▸ **What is needed**: Would you print the whole listing again, exactly?

▸ **Data in this exercise**:
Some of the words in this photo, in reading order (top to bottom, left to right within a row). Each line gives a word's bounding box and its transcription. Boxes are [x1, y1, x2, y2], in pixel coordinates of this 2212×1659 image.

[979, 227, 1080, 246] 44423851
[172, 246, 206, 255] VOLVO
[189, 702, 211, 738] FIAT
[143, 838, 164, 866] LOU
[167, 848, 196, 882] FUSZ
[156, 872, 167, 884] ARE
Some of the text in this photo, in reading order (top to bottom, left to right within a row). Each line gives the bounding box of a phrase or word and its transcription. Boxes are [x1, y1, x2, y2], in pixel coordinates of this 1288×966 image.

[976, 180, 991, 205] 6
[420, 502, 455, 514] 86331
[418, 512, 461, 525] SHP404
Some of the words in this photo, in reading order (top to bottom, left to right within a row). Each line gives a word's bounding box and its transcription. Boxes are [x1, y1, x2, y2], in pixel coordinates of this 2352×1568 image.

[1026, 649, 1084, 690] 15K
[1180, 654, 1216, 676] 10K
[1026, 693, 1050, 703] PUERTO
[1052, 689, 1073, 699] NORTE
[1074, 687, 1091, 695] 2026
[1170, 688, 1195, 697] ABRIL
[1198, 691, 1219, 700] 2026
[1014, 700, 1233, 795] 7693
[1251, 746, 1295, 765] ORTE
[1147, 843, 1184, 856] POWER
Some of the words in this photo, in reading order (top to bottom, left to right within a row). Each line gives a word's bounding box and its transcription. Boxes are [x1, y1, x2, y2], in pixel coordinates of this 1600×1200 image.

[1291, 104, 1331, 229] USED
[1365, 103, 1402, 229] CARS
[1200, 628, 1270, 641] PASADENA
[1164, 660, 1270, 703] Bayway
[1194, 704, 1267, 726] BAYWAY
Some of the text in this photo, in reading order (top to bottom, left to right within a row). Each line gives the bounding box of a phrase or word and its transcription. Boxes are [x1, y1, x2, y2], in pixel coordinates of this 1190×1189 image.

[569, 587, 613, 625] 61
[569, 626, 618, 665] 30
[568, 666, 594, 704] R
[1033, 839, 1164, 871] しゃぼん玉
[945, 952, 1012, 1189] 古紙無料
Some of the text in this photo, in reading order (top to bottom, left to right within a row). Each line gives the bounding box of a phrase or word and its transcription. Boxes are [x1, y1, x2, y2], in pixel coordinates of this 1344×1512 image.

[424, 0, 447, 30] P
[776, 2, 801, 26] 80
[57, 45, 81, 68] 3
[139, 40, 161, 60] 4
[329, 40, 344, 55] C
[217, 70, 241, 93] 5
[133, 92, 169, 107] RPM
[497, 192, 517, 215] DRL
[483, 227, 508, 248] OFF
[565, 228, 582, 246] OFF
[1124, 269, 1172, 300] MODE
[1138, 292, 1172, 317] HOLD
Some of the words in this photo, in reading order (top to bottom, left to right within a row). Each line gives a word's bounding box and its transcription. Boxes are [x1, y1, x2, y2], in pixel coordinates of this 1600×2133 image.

▸ **Your response**:
Some of the words in this photo, in reading order (top to bottom, left to right within a row). Each line gives a word's bounding box and its transcription. Boxes are [x1, y1, x2, y2], in pixel coordinates of this 2212×1659 image.

[979, 227, 1080, 246] 44423851
[172, 246, 206, 255] VOLVO
[189, 702, 211, 738] FIAT
[143, 838, 164, 866] LOU
[167, 848, 196, 882] FUSZ
[156, 872, 167, 884] ARE
Some of the text in this photo, in reading order (top to bottom, left to right within a row). Each line gives the bounding box of a phrase or word and its transcription. Boxes are [x1, y1, x2, y2], in pixel coordinates of this 1288×966 image.

[976, 180, 991, 205] 6
[420, 502, 455, 514] 86331
[418, 512, 461, 525] SHP404
Some of the words in this photo, in reading order (top to bottom, left to right within a row). Each line gives a word's bounding box and its transcription. Boxes are [x1, y1, x2, y2], in pixel coordinates of this 2352×1568 image.

[1026, 649, 1084, 690] 15K
[1180, 654, 1216, 676] 10K
[1026, 693, 1050, 703] PUERTO
[1052, 689, 1073, 699] NORTE
[1074, 687, 1091, 695] 2026
[1170, 688, 1195, 697] ABRIL
[1198, 691, 1219, 700] 2026
[1014, 700, 1233, 795] 7693
[1251, 746, 1295, 765] ORTE
[1147, 843, 1184, 856] POWER
Some of the words in this photo, in reading order (top to bottom, left to right within a row). Each line gives a word's bounding box and its transcription. Boxes are [x1, y1, x2, y2], in pixel coordinates of this 1600×1200 image.

[1291, 104, 1331, 229] USED
[1365, 103, 1402, 229] CARS
[1200, 628, 1270, 641] PASADENA
[1164, 660, 1270, 703] Bayway
[1194, 704, 1267, 726] BAYWAY
Some of the text in this photo, in reading order (top to bottom, left to right within a row). Each line gives the bounding box of a phrase or word and its transcription. Boxes are [x1, y1, x2, y2], in pixel coordinates of this 1190×1189 image.

[569, 587, 613, 625] 61
[569, 626, 618, 665] 30
[568, 666, 594, 704] R
[1033, 839, 1164, 871] しゃぼん玉
[945, 952, 1012, 1189] 古紙無料
Some of the text in this photo, in reading order (top to bottom, left to right within a row). Each line gives the bounding box of a phrase or word and its transcription. Boxes are [x1, y1, x2, y2], in pixel coordinates of this 1344×1512 image.

[424, 0, 447, 30] P
[776, 2, 801, 26] 80
[57, 45, 81, 68] 3
[139, 40, 161, 60] 4
[329, 40, 344, 55] C
[217, 70, 241, 93] 5
[133, 92, 169, 107] RPM
[497, 192, 517, 215] DRL
[483, 227, 508, 248] OFF
[565, 228, 582, 246] OFF
[1124, 269, 1172, 300] MODE
[1138, 292, 1172, 317] HOLD
Some of the words in this photo, in reading order (top to bottom, left to right within a row). Each line gives a word's bounding box and its transcription. Boxes are [x1, y1, x2, y2], in pixel coordinates of this 1600×2133 image.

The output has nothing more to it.